Creating a custom Service
We are creating the stackable foo.js
as follows:
const { schema, platformaticService } = require('@platformatic/service')
/** @type {import('fastify').FastifyPluginAsync<{}>} */
async function foo (app, opts) {
const text = app.platformatic.config.foo.text
app.get('/foo', async (request, reply) => {
return text
})
await app.register(platformaticService, opts)
app.get('/', async (request, reply) => {
return 'Your new root endpoint'
})
}
foo.configType = 'foo'
// break Fastify encapsulation
foo[Symbol.for('skip-override')] = true
// The schema for our configuration file
foo.schema = {
$id: 'https://example.com/schemas/foo.json',
title: 'Foo Service',
type: 'object',
properties: {
server: schema.server,
plugins: schema.plugins,
metrics: schema.metrics,
watch: {
anyOf: [schema.watch, {
type: 'boolean'
}, {
type: 'string'
}]
},
$schema: {
type: 'string'
},
extends: {
type: 'string'
},
foo: {
type: 'object',
properties: {
text: {
type: 'string'
}
},
required: ['text']
}
},
additionalProperties: false,
required: ['server']
}
// The configuration for the ConfigManager
foo.configManagerConfig = {
schema: foo.schema,
envWhitelist: ['PORT', 'HOSTNAME'],
allowToWatch: ['.env'],
schemaOptions: {
useDefaults: true,
coerceTypes: true,
allErrors: true,
strict: false
}
}
module.exports = foo
Note that the $id
property of the schema identifies the module in our system,
allowing us to retrieve the schema correctly.

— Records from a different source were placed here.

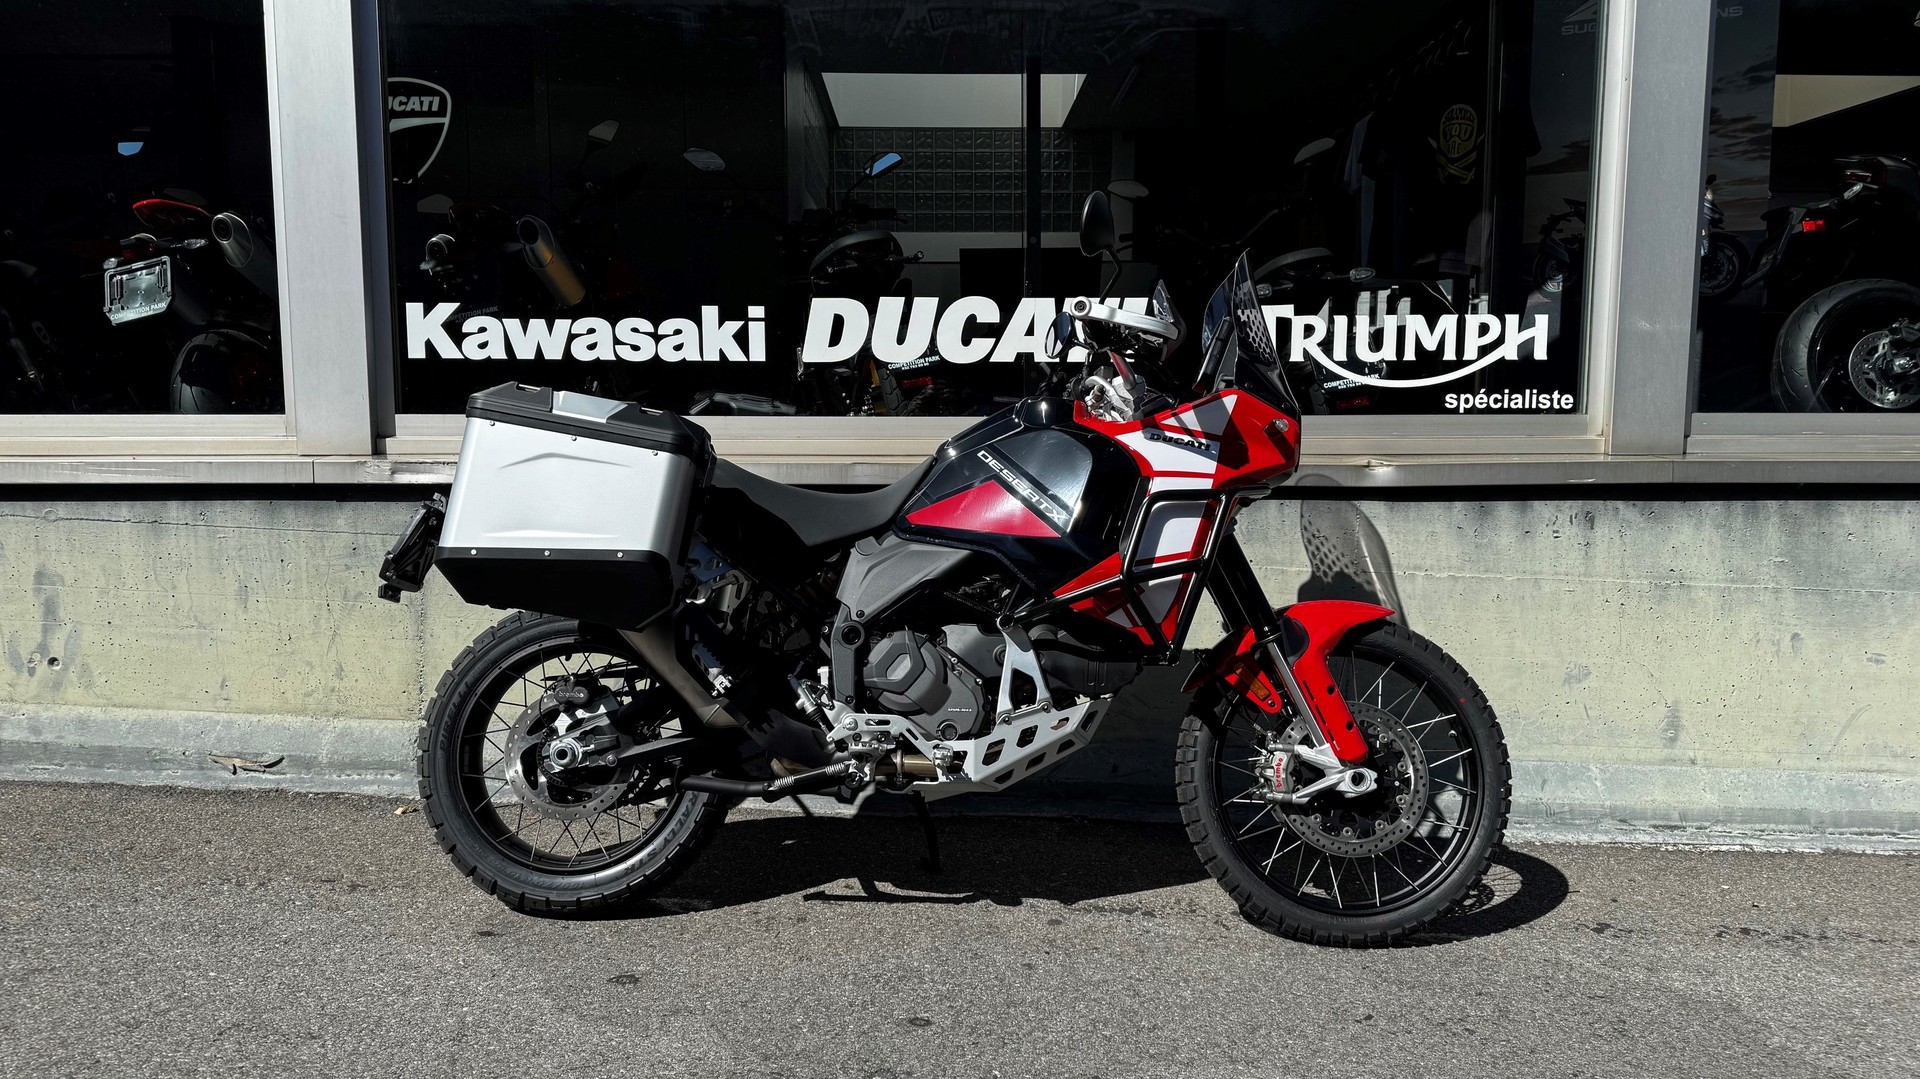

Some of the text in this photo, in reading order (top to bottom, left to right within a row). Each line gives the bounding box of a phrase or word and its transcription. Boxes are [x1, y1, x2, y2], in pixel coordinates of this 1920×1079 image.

[388, 96, 440, 111] CATI
[151, 301, 167, 310] PARK
[406, 303, 766, 362] Kawasaki
[1261, 304, 1549, 388] TRIUMPH
[925, 355, 941, 363] PARK
[1444, 389, 1574, 414] spécialiste
[1149, 432, 1211, 451] DUCATI
[977, 450, 1068, 523] DESERTX
[438, 680, 471, 751] PIRELLI
[1275, 757, 1284, 788] brembo
[658, 791, 700, 852] RALLY

It is recommended, but not required, that the JSON schema is actually
published in this location. Doing so allows tooling such as the VSCode
language server to provide autocompletion.

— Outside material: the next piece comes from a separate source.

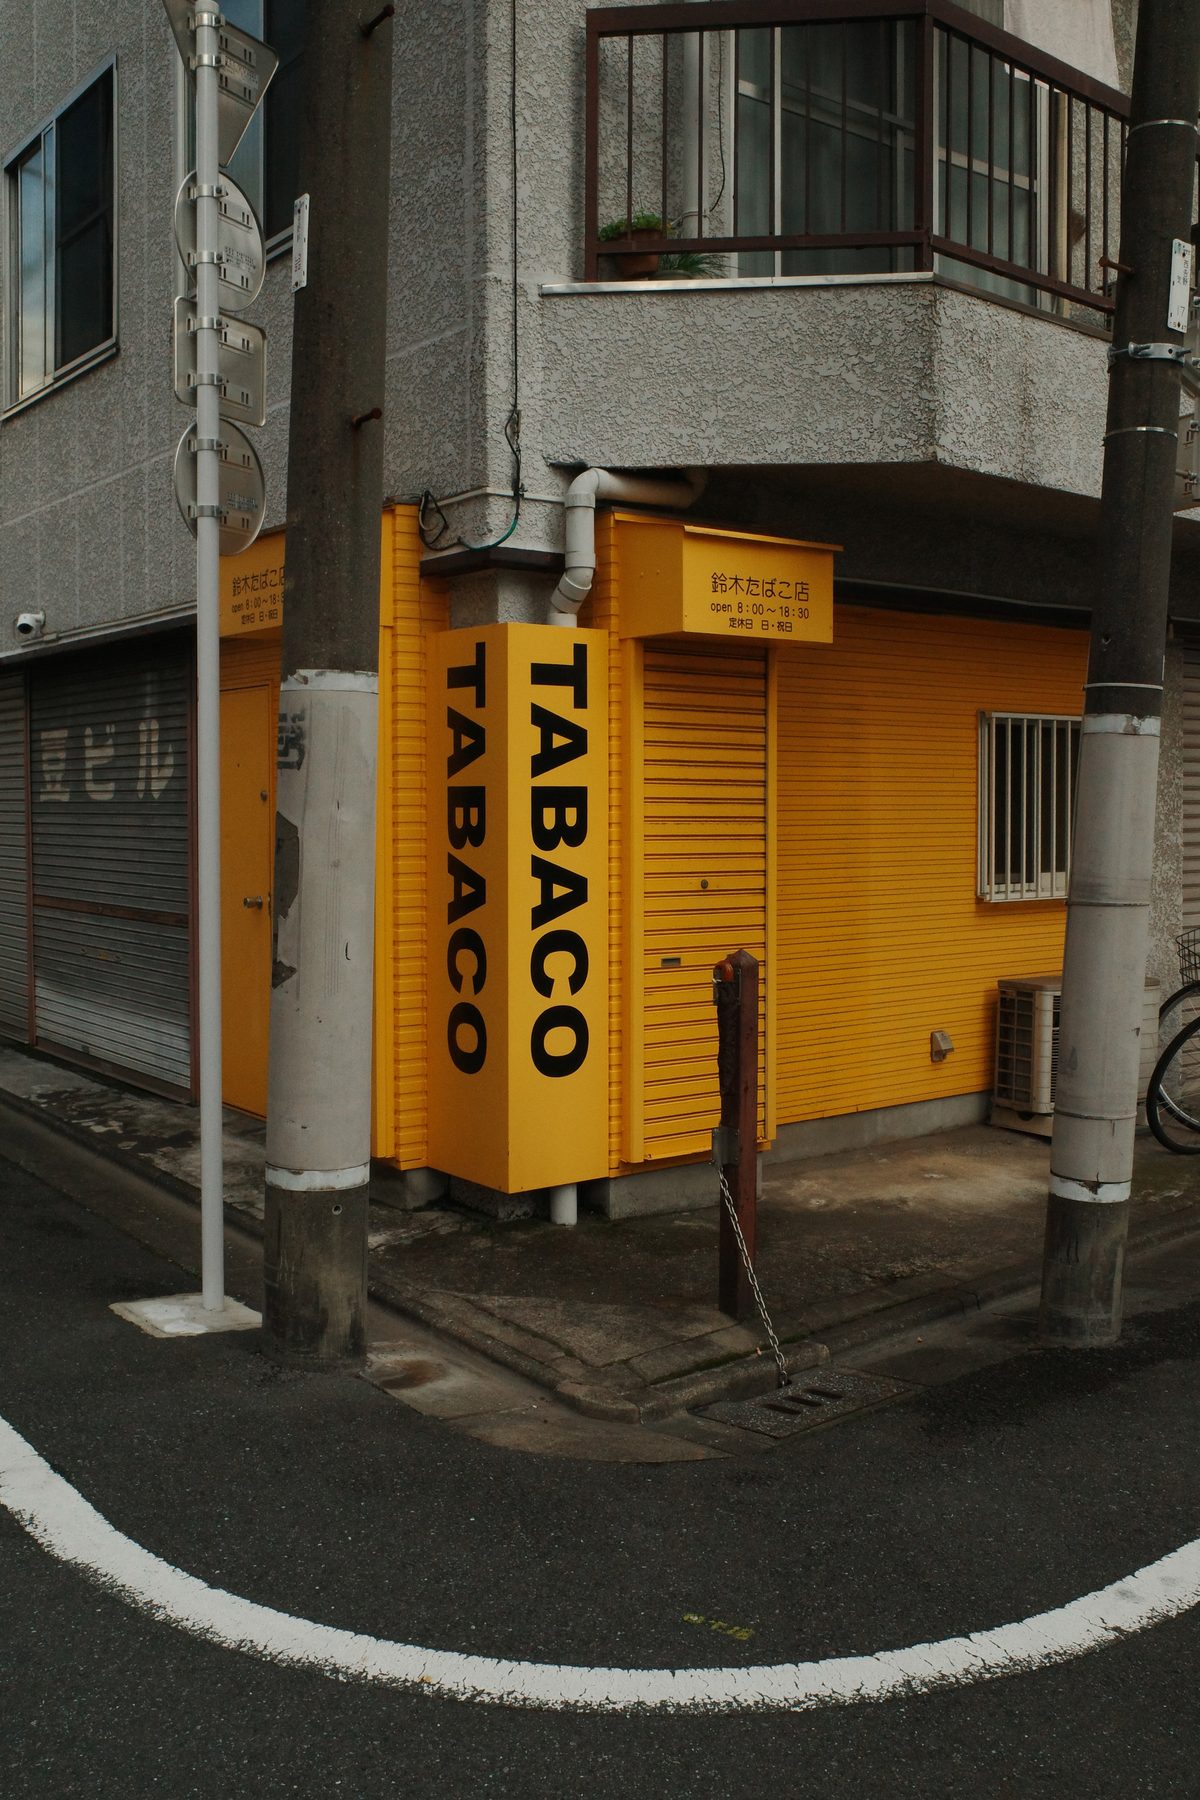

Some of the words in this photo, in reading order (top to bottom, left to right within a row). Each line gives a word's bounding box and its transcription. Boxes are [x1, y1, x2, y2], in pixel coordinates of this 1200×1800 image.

In this example, the schema
adds a custom top-level foo
property
that users can use to configure this specific module.
ESM is also supported.
Consuming a custom application
Consuming foo.js
is simple. We can create a platformatic.json
file as follows:
{
"$schema": "https://example.com/schemas/foo.json",
"extends": "./foo",
"server": {
"port": 0,
"hostname": "127.0.0.1"
},
"foo": {
"text": "Hello World"
}
}
Note that we must specify both the $schema
property and extends
.
The module specified with extends
can also be any modules published on npm and installed via your package manager.
extends
is the name of the module we are actually "stacking" (extending) on top of.
The property module
can also be used, but it is deprecated. In both cases, be sure that the property is allowed in the stackable schema (in this example in foo.schema
)
Building your own CLI
If you want to create your own CLI for your service on top of a Stackable you can just importing the base module and then start it, e.g.:
import base from 'mybasemodule' // Import here your base module
import { start } from '@platformatic/service'
import { printAndExitLoadConfigError } from '@platformatic/config'
await start(base, process.argv.splice(2)).catch(printAndExitLoadConfigError)
This is the same as running with platformatic CLI, the platformatic.json
file will be loaded from the current directory.